━━━ ENTRIES PROVIDED

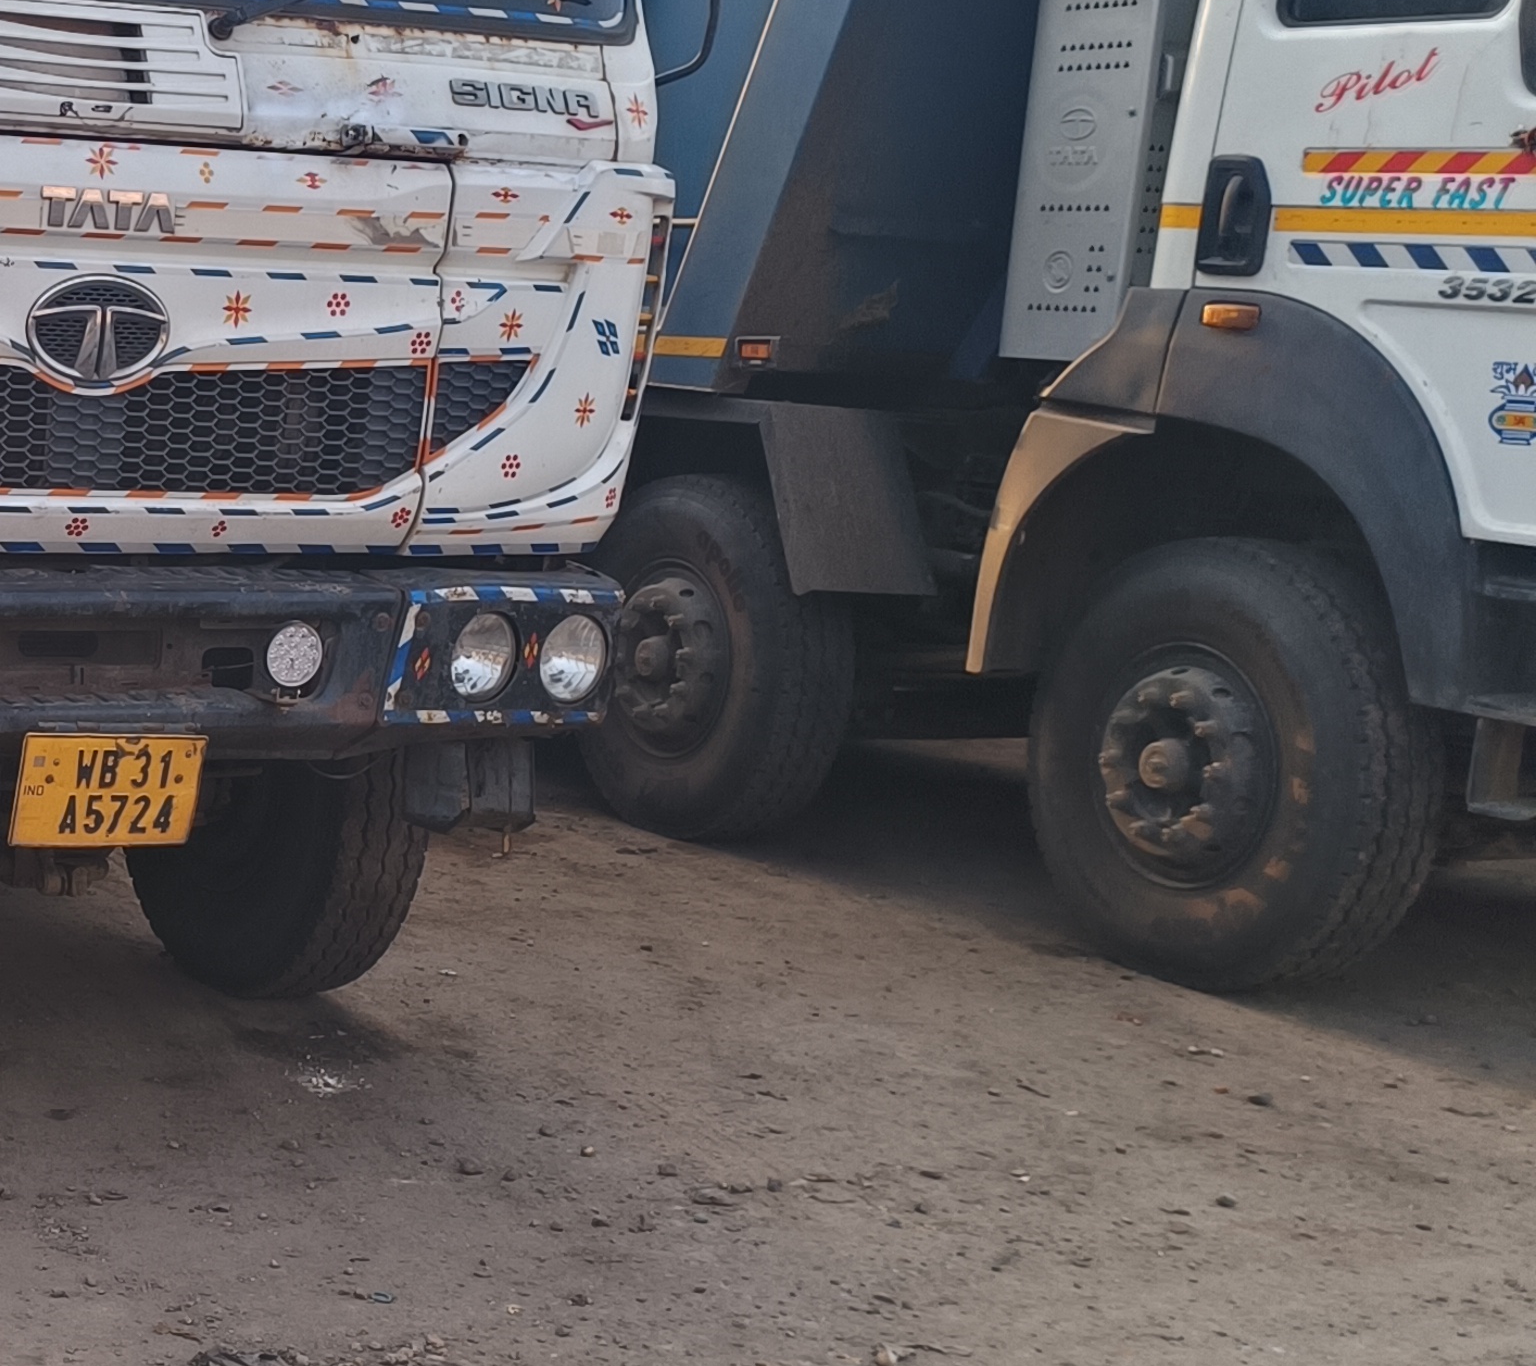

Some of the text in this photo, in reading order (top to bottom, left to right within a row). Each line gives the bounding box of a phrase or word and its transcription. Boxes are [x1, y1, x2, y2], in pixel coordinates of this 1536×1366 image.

[448, 77, 600, 119] SIGNA
[1314, 46, 1441, 114] Pilot
[40, 184, 177, 235] TATA
[1319, 174, 1517, 210] SUPER FAST
[75, 745, 175, 789] WB 31
[22, 784, 45, 797] IND
[58, 794, 176, 836] A5724
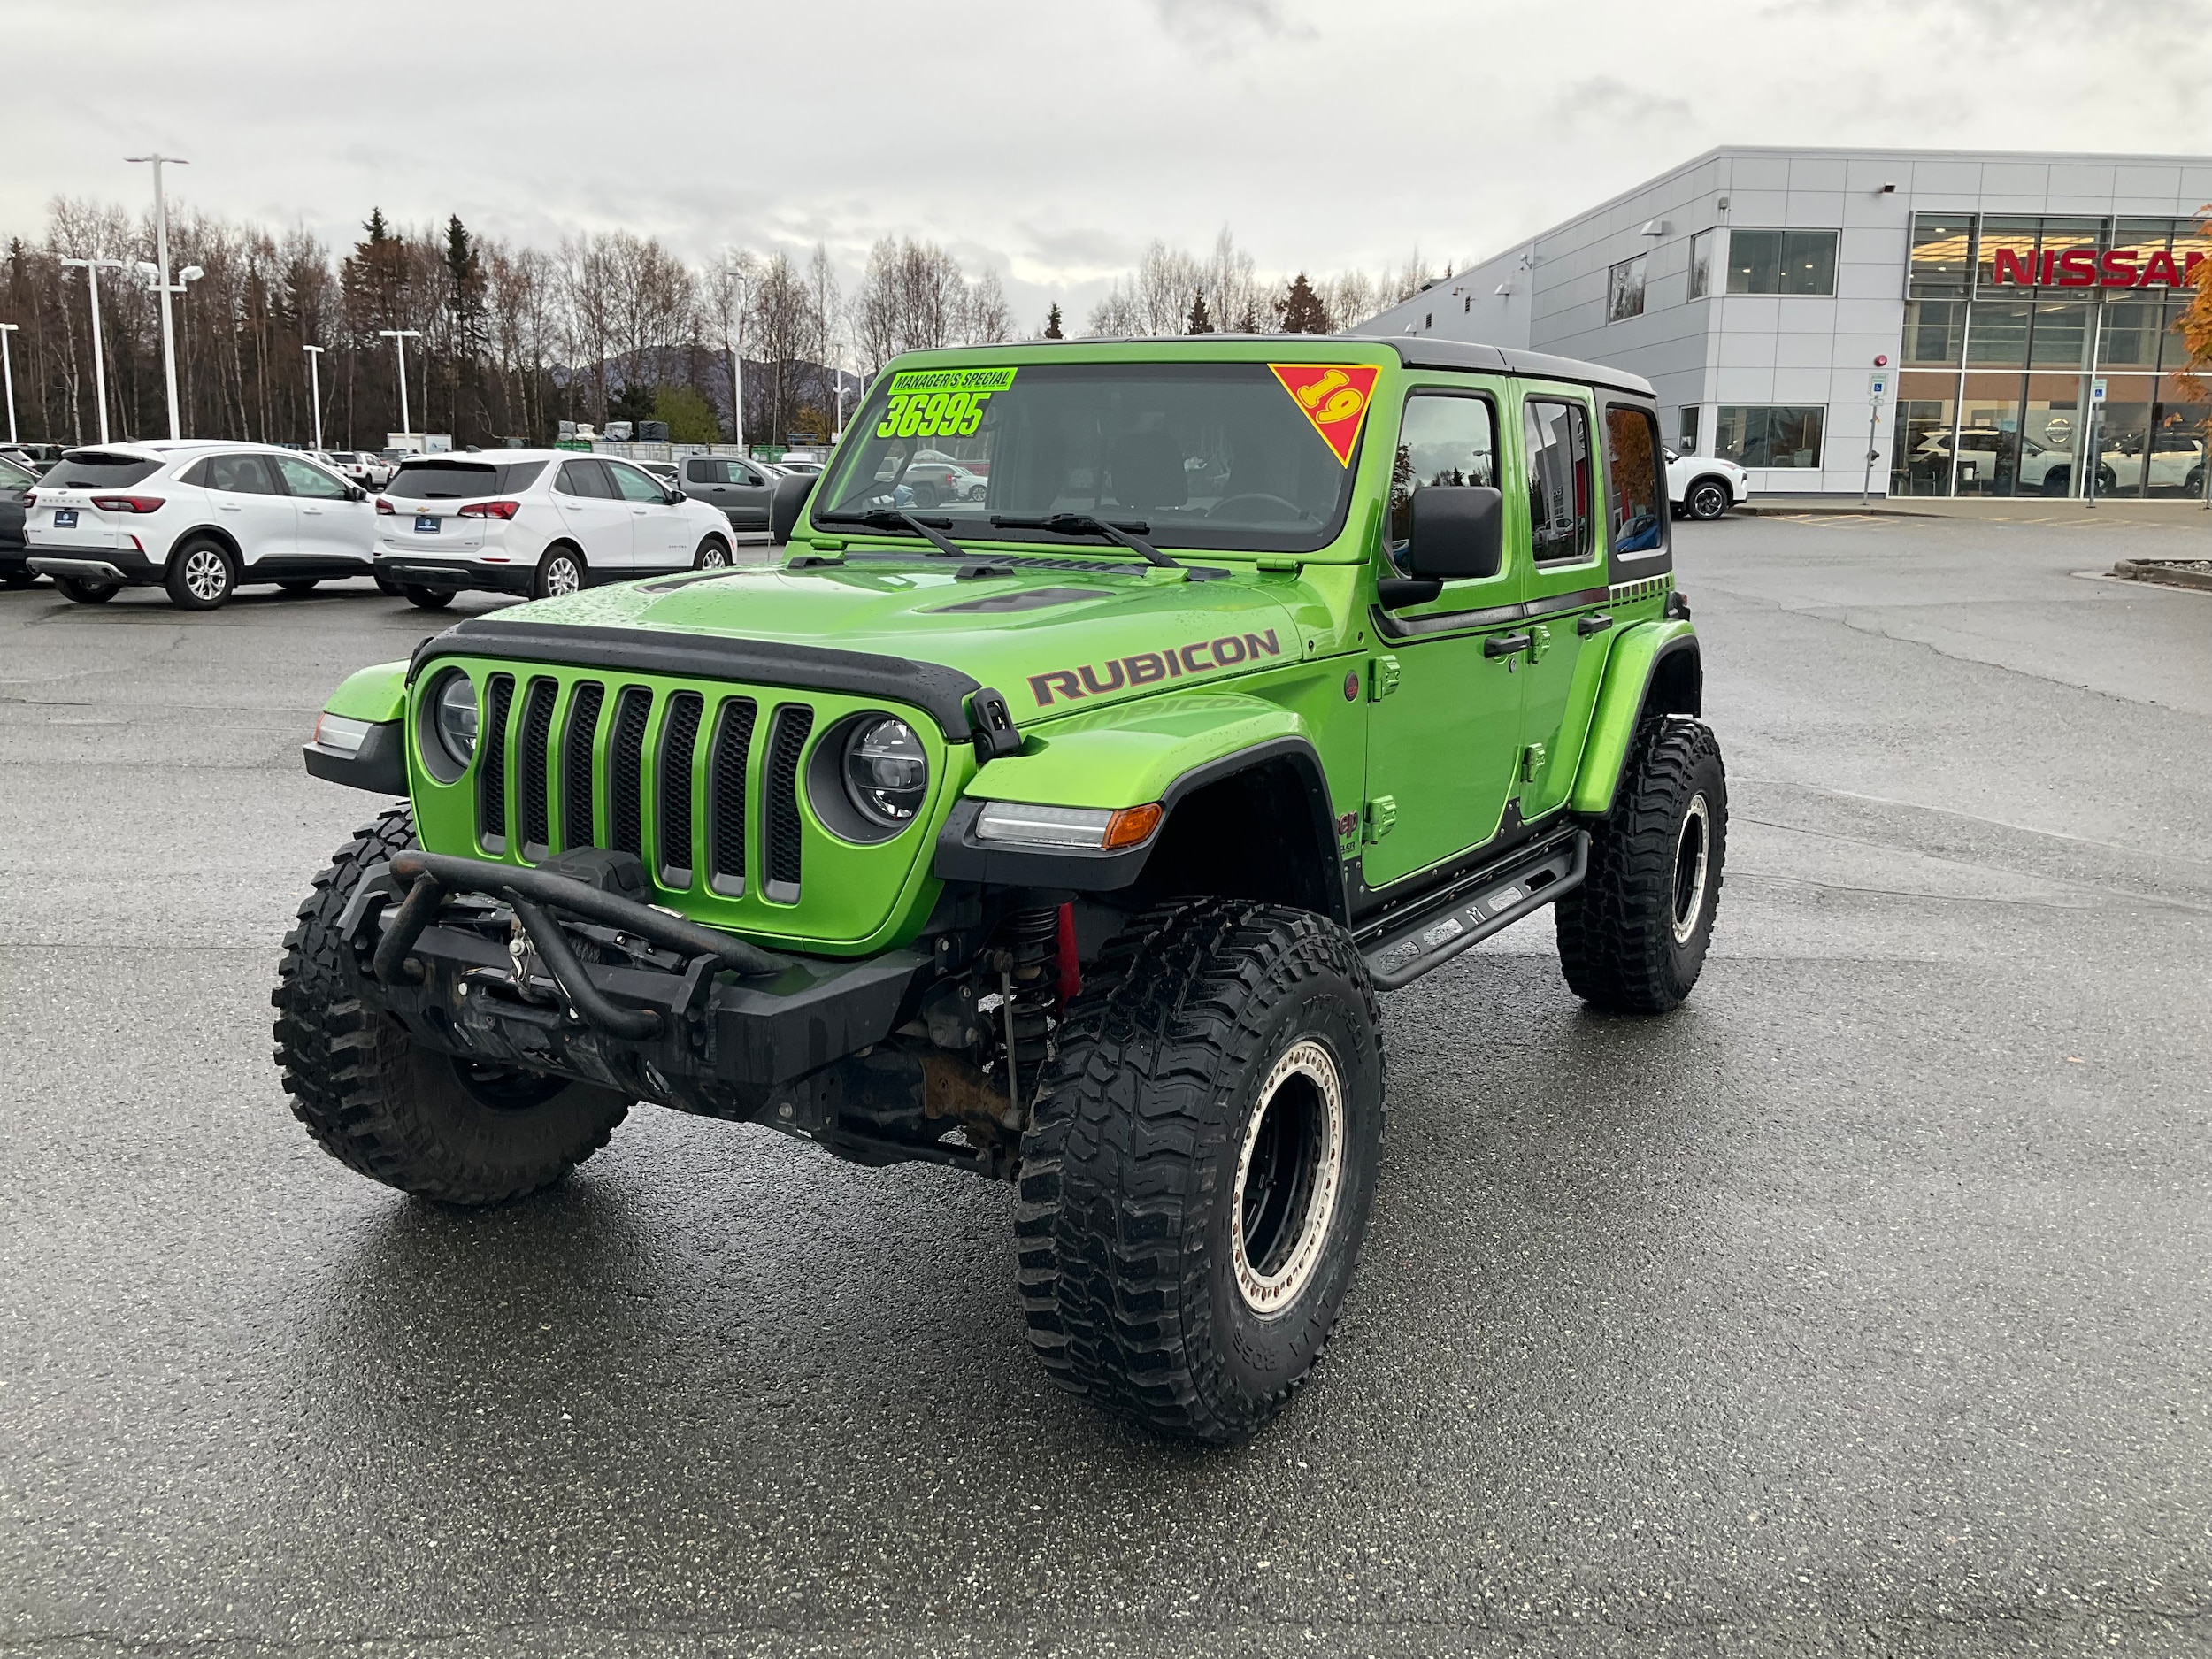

━━━━━━

PROBLEM TO SOLVE> Print all the material above exactly, and drop the images.

WRITTEN REPLY>
Some of the text in this photo, in reading order (top to bottom, left to right within a row). Each line gives the bounding box of a phrase or word and its transcription. Boxes are [x1, y1, x2, y2], in pixel coordinates of this 1536×1366 image.

[448, 77, 600, 119] SIGNA
[1314, 46, 1441, 114] Pilot
[40, 184, 177, 235] TATA
[1319, 174, 1517, 210] SUPER FAST
[75, 745, 175, 789] WB 31
[22, 784, 45, 797] IND
[58, 794, 176, 836] A5724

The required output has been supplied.